The White House Office of the National Cyber Director (ONCD) has released a guide to improve the security of the Border Gateway Protocol (BGP). BGP is essential to internet operation for more than 70,000 independent networks, as internet traffic is directed between networks via the BGP to determine the destinations reachable through those networks. The BGP is foundational to networks such as cloud providers, universities, internet service providers, energy companies, and federal, state, and local governments. By addressing this threat, the ONCD intends to confront an issue that has been a longtime threat to internet traffic security.
“Securing internet routing has been a long-term effort.

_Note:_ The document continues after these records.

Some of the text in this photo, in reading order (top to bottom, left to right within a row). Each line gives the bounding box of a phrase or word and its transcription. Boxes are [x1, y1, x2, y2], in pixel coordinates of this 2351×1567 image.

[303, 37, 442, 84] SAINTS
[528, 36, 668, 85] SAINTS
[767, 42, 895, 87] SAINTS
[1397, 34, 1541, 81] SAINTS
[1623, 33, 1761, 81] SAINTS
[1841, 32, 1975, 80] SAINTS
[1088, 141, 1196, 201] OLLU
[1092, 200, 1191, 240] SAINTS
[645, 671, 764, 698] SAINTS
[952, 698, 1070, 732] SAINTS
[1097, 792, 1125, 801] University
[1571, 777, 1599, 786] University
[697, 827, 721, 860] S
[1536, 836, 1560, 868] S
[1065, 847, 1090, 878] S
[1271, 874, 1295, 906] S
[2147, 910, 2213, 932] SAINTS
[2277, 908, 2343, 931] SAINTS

It is a difficult one because it takes a lot of different players all taking action to be useful,” says Ari Schwartz, Coordinator of the Center for Cybersecurity Policy and Law. “The ONCD’s roadmap is showing us how to get secure routing done and starting up the collective action efforts needed to get us to the finish line.”
The guide released by the ONCD supports adopting a Resource Public Key Infrastructure (RPKI) as a method to manage vulnerabilities within the BGP, including suggested actions applicable to all types of networks. The provided recommendations are important to operators and owners of critical infrastructure, government entities (both state and local), and any entity dependent on internet access for purposes of high value.

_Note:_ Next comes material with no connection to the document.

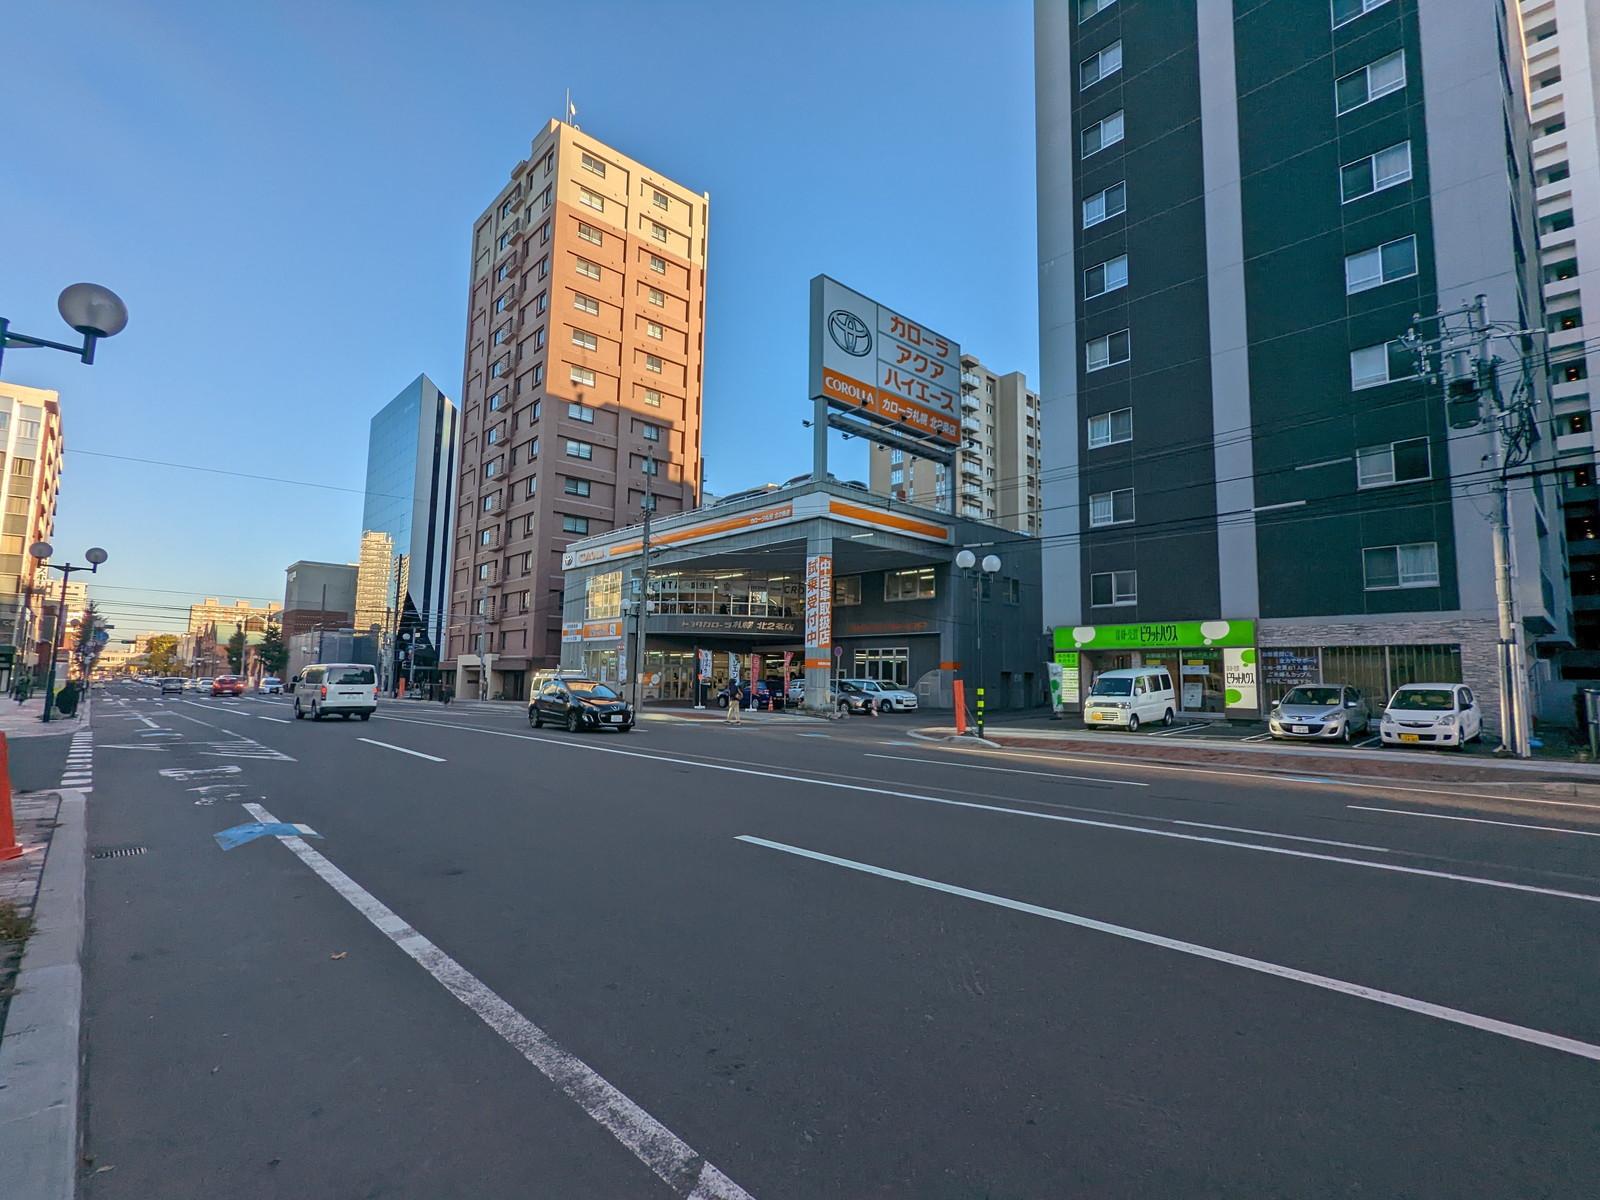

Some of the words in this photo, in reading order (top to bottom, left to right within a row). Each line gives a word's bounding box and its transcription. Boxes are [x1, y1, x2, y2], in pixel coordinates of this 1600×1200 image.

Roger Grimes, Data-Driven Defense Evangelist at KnowBe4, commented, “We are decades late in securing BGP. Now we have a few good ways to better secure BGP. The United States government supports one of the methods... not the best... but an incremental way forward, and all we need to do is get vendors and organizations to implement it. Getting CISA involved is one great way to accomplish this. I’m not usually very optimistic for any good cybersecurity standard to be well-implemented in a timely manner, but I have great hope for this one. If it is pulled off like we all want it to, in a year or two, BGP will finally be harder to compromise than it has been for decades.”
Schwartz remarks, “The roadmap released by the ONCD marks just the beginning of a comprehensive and collaborative effort to secure our internet’s core ecosystem. We must continue to work across sectors to upgrade the infrastructure and address the evolving challenges in internet security and protect the integrity of our global networks.”